Echoing the story of “The Conjuring” in set-up, this spin-off/prequel picks a family from an early 1970s PSA on how to be boring and places them into a tale of terror in the era of Charles Manson’s Helter Skelter. Wife Mia (Annabelle Wallis) and John (Ward Horton) are preparing to welcome their new baby into their quiet suburb home. These plans are complicated when the two are attacked in their home by wacko occult members one night, which causes distress to Mia’s pregnancy, and some occultist blood to get in the eye of her beloved Annabelle doll, a gift from her husband. Supernatural shenanigans soon ensue leading up to the baby’s birth, even though Annabelle gets trash-canned for being in the arms of one of the occultists when she died.

After a sudden fire in their home, the new unit of three moves to a high rise in the city where the doll finds its way into a moving box, and Mia essentially forgets her initial anxiety about its horrific significance.
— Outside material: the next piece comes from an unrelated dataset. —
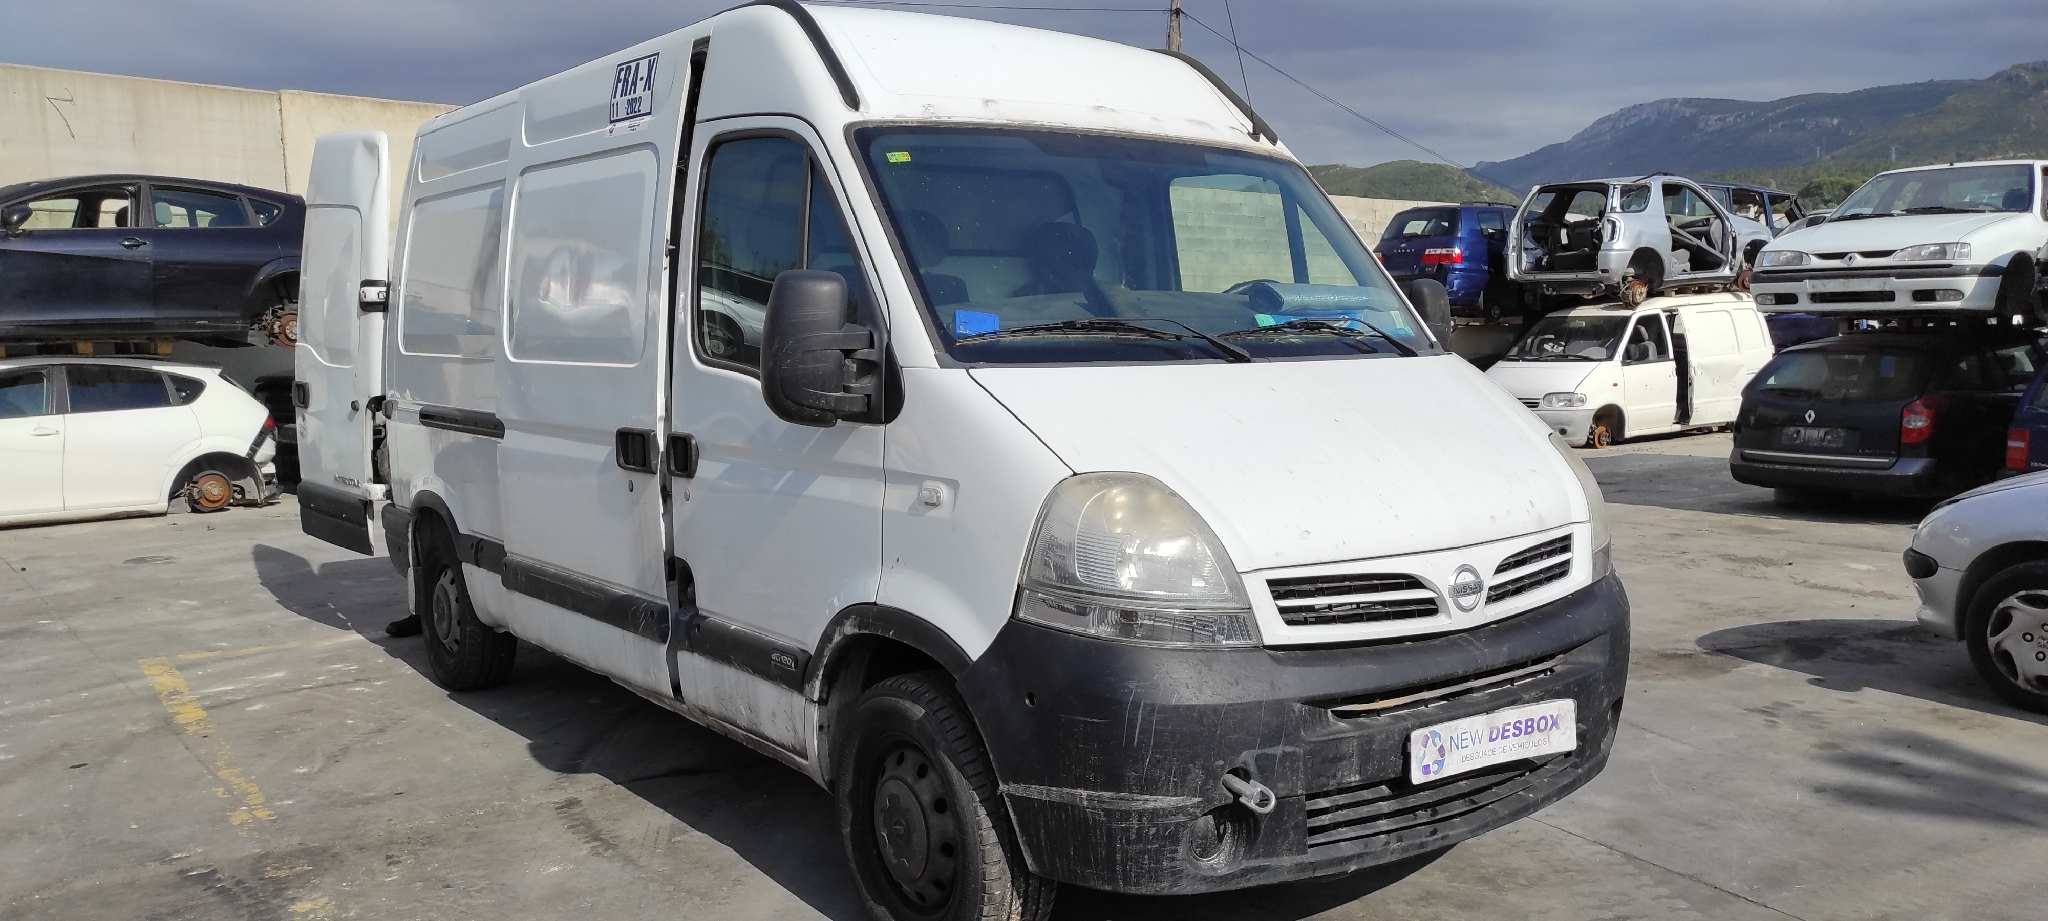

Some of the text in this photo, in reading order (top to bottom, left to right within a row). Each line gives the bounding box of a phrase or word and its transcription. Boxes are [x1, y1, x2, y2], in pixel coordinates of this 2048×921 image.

[613, 57, 656, 99] FRA-X
[1454, 583, 1482, 595] NISSAN
[1449, 712, 1561, 752] NEW DESBOX
With John off to work to do doctor stuff, Mia ends up confronting different freaky weirdness, experiencing ruthless anxiety concerning her safety and the devil’s desire for her baby’s soul.

Annabelle
‘Annabelle’
Photo credit: Warner Bros.

Given the very specific engineering behind the film, another glossy haunted house fill with jump scares and tedious oddities that go nowhere, there is a soft quality to the film when contextualizing it as modern multiplex fare. To quote a recent film, “America loves pregnant women,” and that sentiment carries over as the innocence of the matriarch remains in tact, a poor young mother terrorized and pushed around by an evil, mean spirit. With these factors in action, the movie only touches upon its bigger ideas (which are recognized more vividly in upcoming Chicago International Film Festival entry “The Babadook,”) and leaves them to be dug up in its movie references. Despite the terrain laid out, this slick horror flick isn’t out to challenge its audience beyond their ability to be scared by plotted mischievousness. Its best scare comes from a psychological fake-out not related to electricity and creaky doors gone wild, but one that shows the anxiety muffled by the film. Occurring in the third act, even when viewing a certain act of violence without the thematic context, “Annabelle” presents a disturbing act of violence that briefly feels like horror.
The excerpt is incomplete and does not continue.